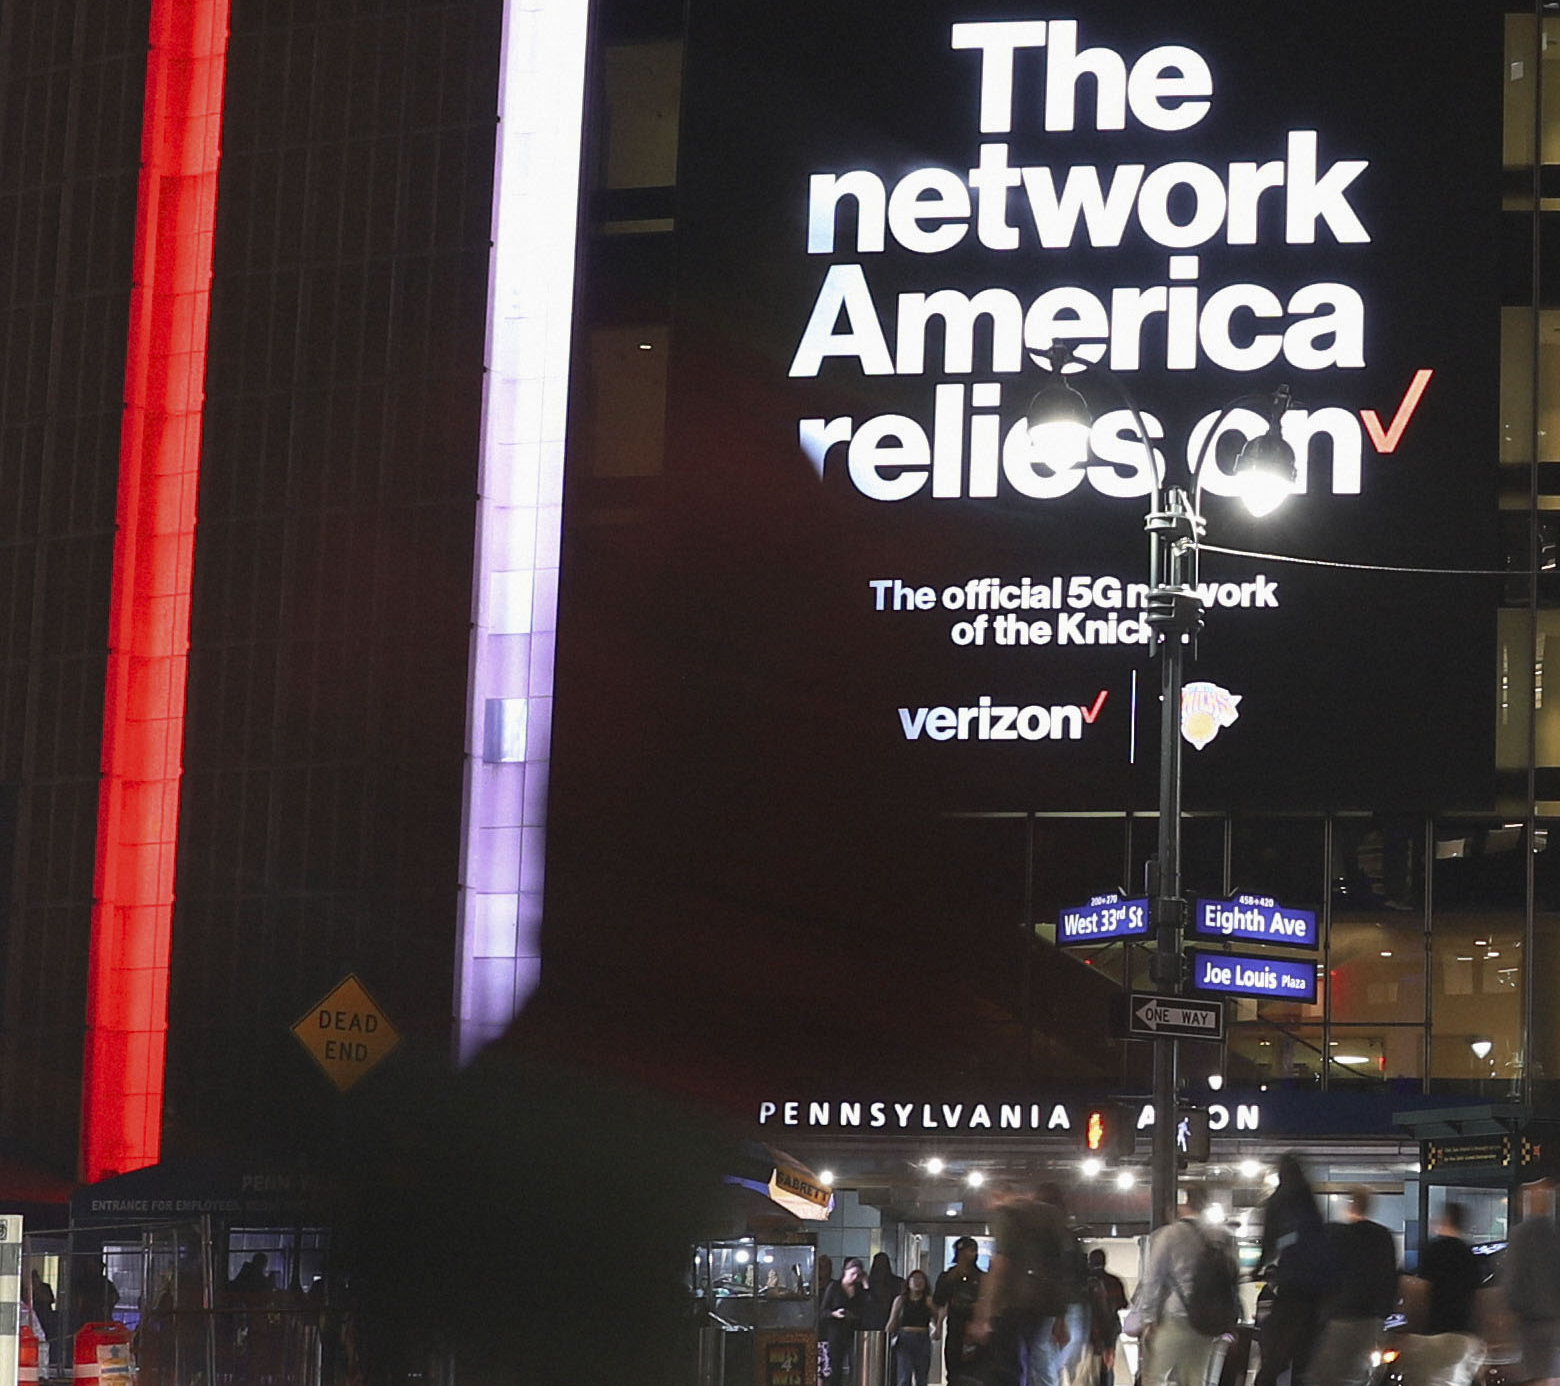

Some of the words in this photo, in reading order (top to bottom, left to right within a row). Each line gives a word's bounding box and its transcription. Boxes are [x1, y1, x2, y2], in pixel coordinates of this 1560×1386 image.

[951, 19, 1213, 133] The
[807, 130, 1371, 254] network
[788, 255, 1365, 378] America
[870, 580, 936, 611] The
[942, 577, 1061, 610] official
[1067, 576, 1122, 609] 5G
[1127, 574, 1279, 608] nwork
[951, 613, 988, 645] of
[993, 614, 1052, 645] the
[898, 696, 1083, 740] verizon
[1064, 914, 1098, 936] West
[1100, 906, 1126, 932] 33rd
[1128, 906, 1144, 928] St
[1205, 905, 1265, 935] Eighth
[1269, 912, 1306, 937] Ave
[1203, 962, 1230, 985] Joe
[1235, 965, 1277, 989] Louis
[1281, 975, 1306, 990] Plaza
[319, 1009, 378, 1033] DEAD
[1145, 1007, 1170, 1023] ONE
[1181, 1011, 1208, 1026] WAY
[325, 1040, 368, 1062] END
[759, 1102, 1070, 1130] PENNSYLVANIA
[92, 1199, 148, 1212] ENTRANCE
[151, 1200, 174, 1212] FOR
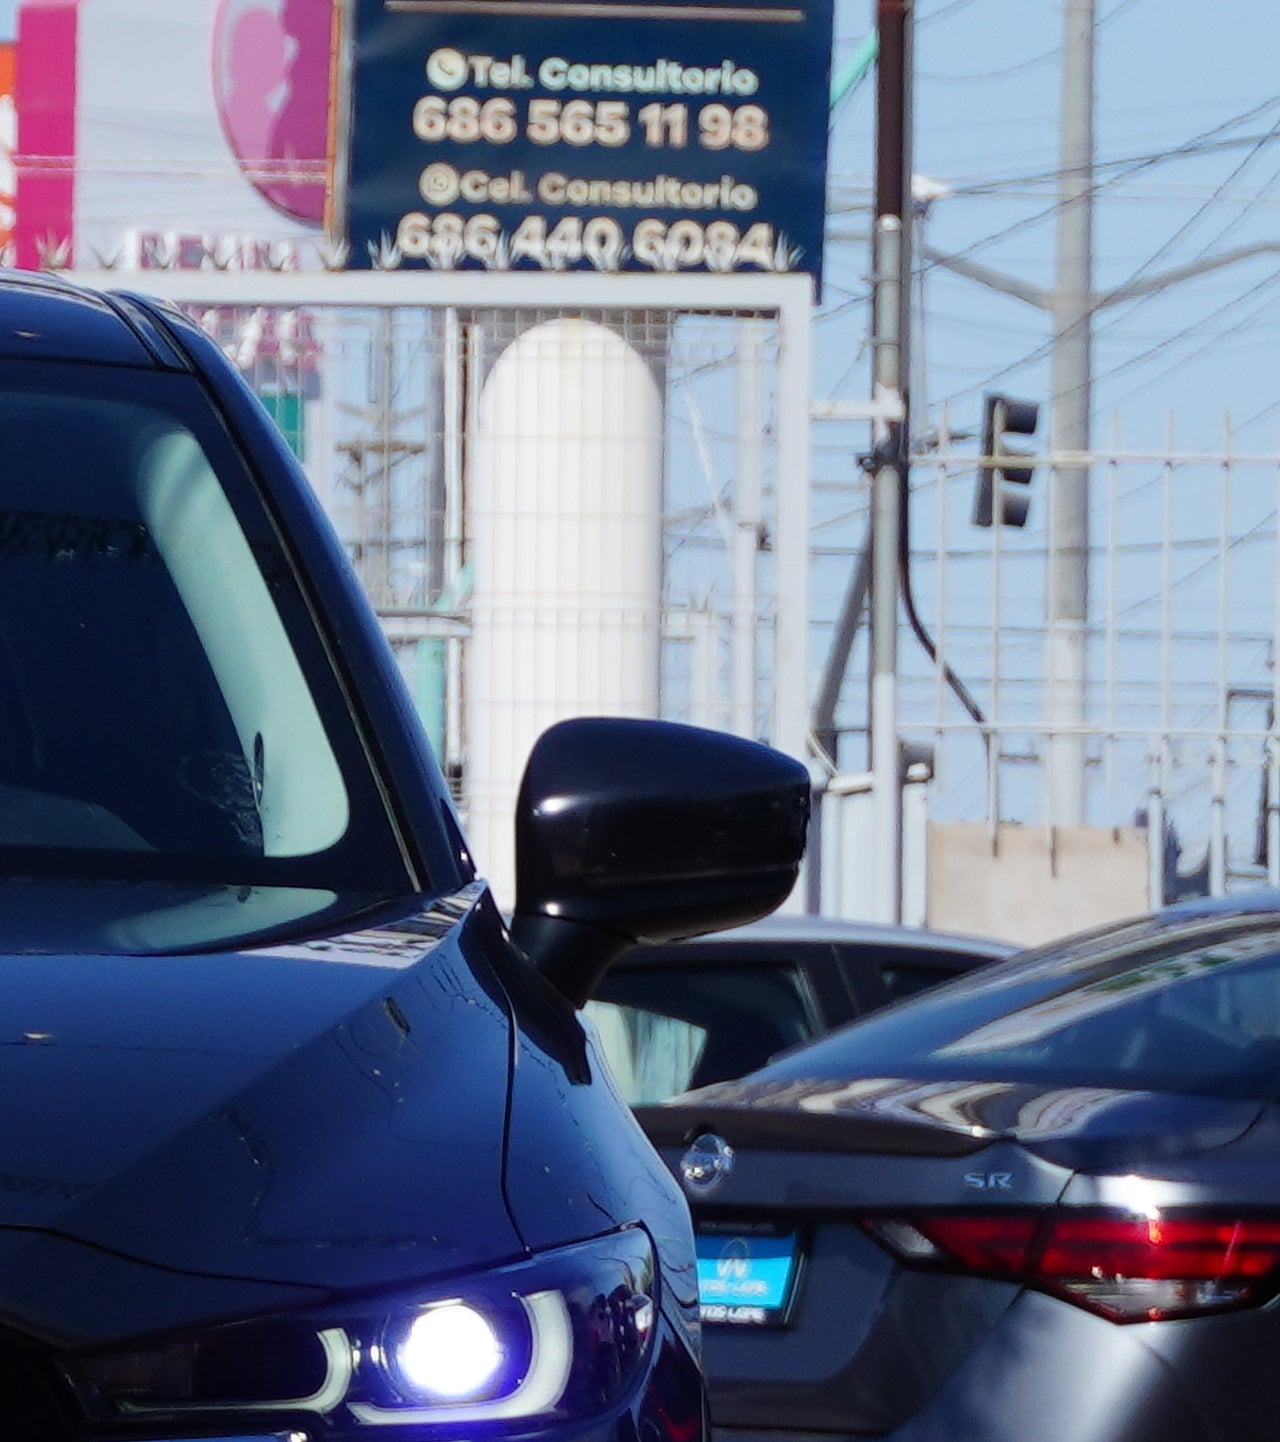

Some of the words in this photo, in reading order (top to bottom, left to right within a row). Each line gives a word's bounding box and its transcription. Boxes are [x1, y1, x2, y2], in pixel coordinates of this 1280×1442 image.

::::::::::

» Goal of the exercise
Make an exact copy of the data, leaving its pictures out.

» Result for this exercise
Some of the words in this photo, in reading order (top to bottom, left to right within a row). Each line gives a word's bounding box and its transcription. Boxes are [x1, y1, x2, y2], in pixel coordinates of this 1560×1386 image.

[951, 19, 1213, 133] The
[807, 130, 1371, 254] network
[788, 255, 1365, 378] America
[870, 580, 936, 611] The
[942, 577, 1061, 610] official
[1067, 576, 1122, 609] 5G
[1127, 574, 1279, 608] nwork
[951, 613, 988, 645] of
[993, 614, 1052, 645] the
[898, 696, 1083, 740] verizon
[1064, 914, 1098, 936] West
[1100, 906, 1126, 932] 33rd
[1128, 906, 1144, 928] St
[1205, 905, 1265, 935] Eighth
[1269, 912, 1306, 937] Ave
[1203, 962, 1230, 985] Joe
[1235, 965, 1277, 989] Louis
[1281, 975, 1306, 990] Plaza
[319, 1009, 378, 1033] DEAD
[1145, 1007, 1170, 1023] ONE
[1181, 1011, 1208, 1026] WAY
[325, 1040, 368, 1062] END
[759, 1102, 1070, 1130] PENNSYLVANIA
[92, 1199, 148, 1212] ENTRANCE
[151, 1200, 174, 1212] FOR

Some of the words in this photo, in reading order (top to bottom, left to right within a row). Each line gives a word's bounding box and its transcription. Boxes are [x1, y1, x2, y2], in pixel coordinates of this 1280×1442 image.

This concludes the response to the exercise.